"Parse, don't validate" through the years with C++
3 days ago
- #Type Systems
- #Programming Paradigms
- #C++
- The post applies the 'Parse, don't validate' paradigm to a simple date-parsing problem in C++ across different versions (C++98, C++11, C++17, C++23).
- The key idea is using the type system to parse unstructured inputs; successful type instantiation ensures data validity, eliminating downstream validation control flow.
- The initial naive approach uses a simple struct and sscanf, which fails silently on invalid inputs, kicking validation down the road.
- In C++98, a Birthdate class is designed with a private constructor and static parsing method, enforcing constraints (year, month, day ranges, leap year) and returning error codes without exceptions or heap allocations.
- C++11 version leverages std::get_time for parsing and uses exceptions to handle errors, with a public constructor that validates inputs.
- C++17 introduces std::optional for explicit failure handling without exceptions, using string_view and manual parsing for better control.
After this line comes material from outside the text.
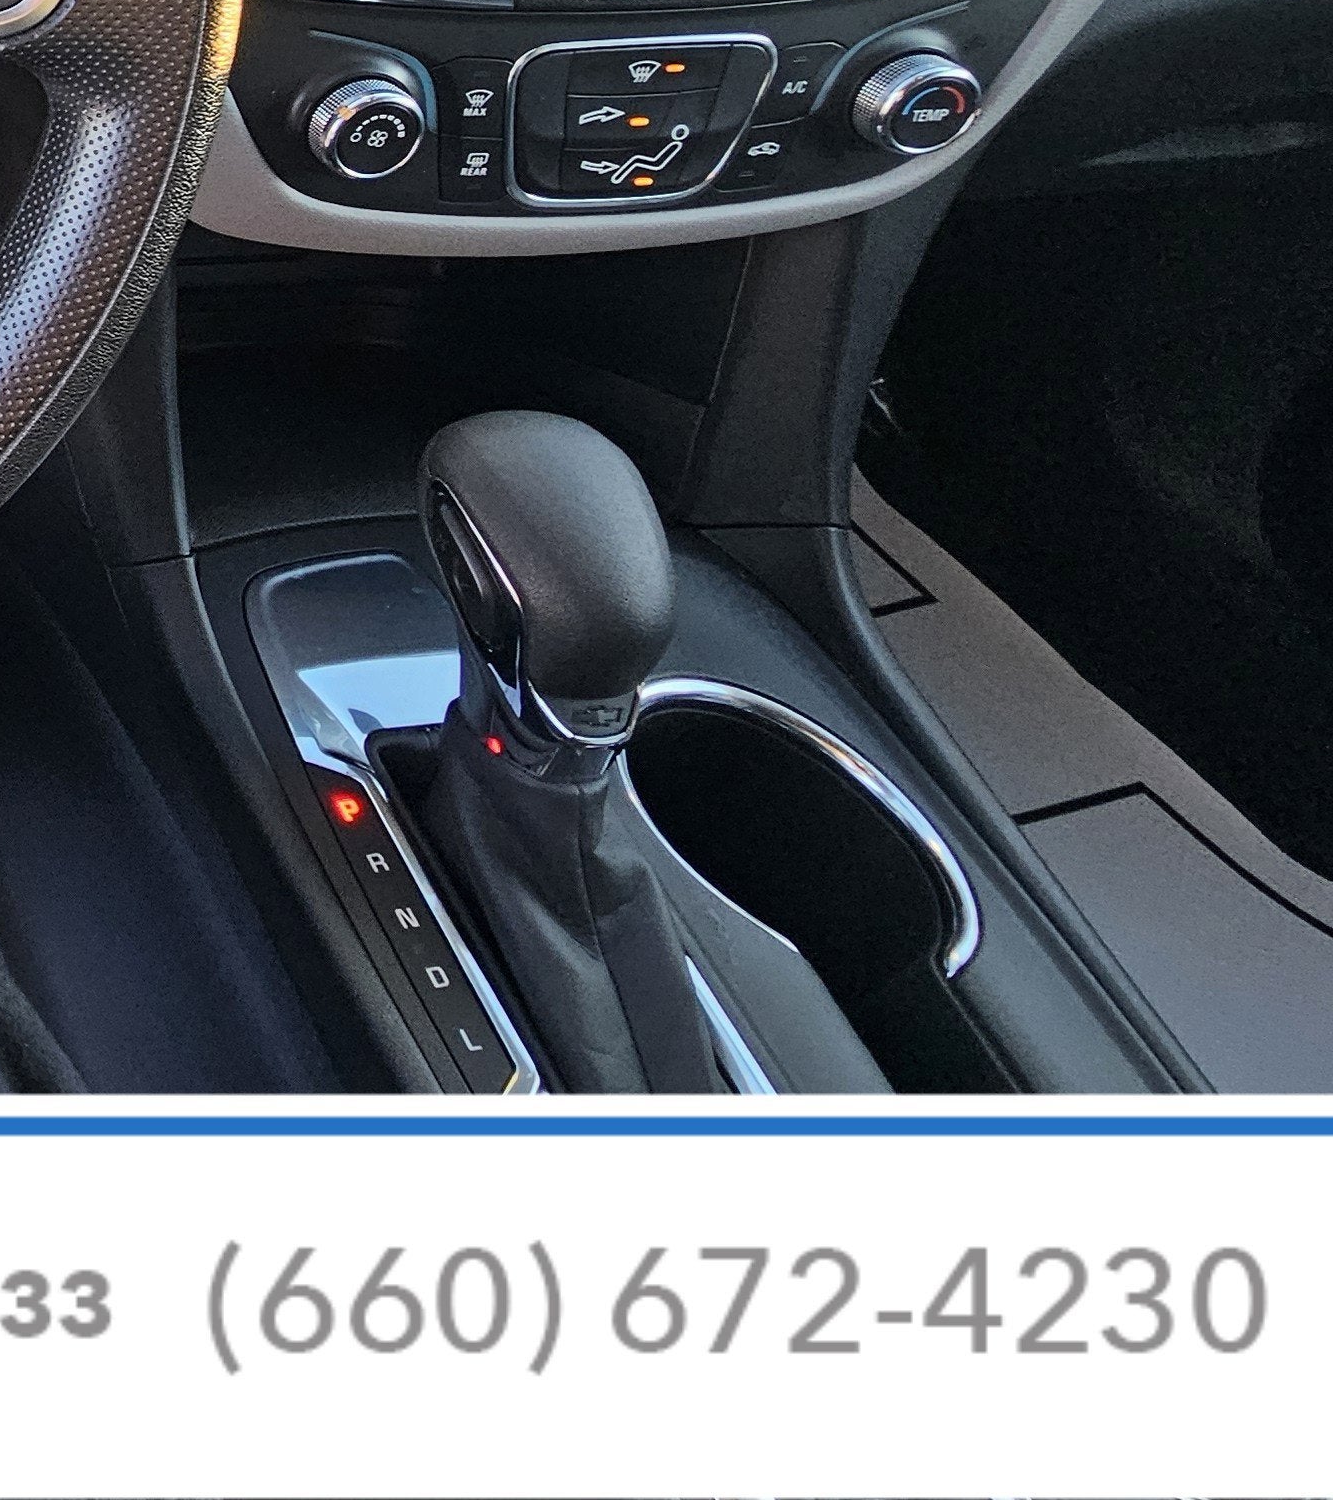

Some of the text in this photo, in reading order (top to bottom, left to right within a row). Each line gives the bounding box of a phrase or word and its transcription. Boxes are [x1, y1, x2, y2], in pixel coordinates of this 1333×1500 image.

- C++23 utilizes std::expected to provide rich error information, improving error handling clarity and user feedback.
- Compilation benchmarks show increasing compile times across C++ versions, with C++23 being significantly slower.
- The author reflects on real-world applications, noting that many languages fall between strict (Rust/Haskell) and loose (Python) type systems, and LLMs often require heavy revisions to generate correct code for such paradigms.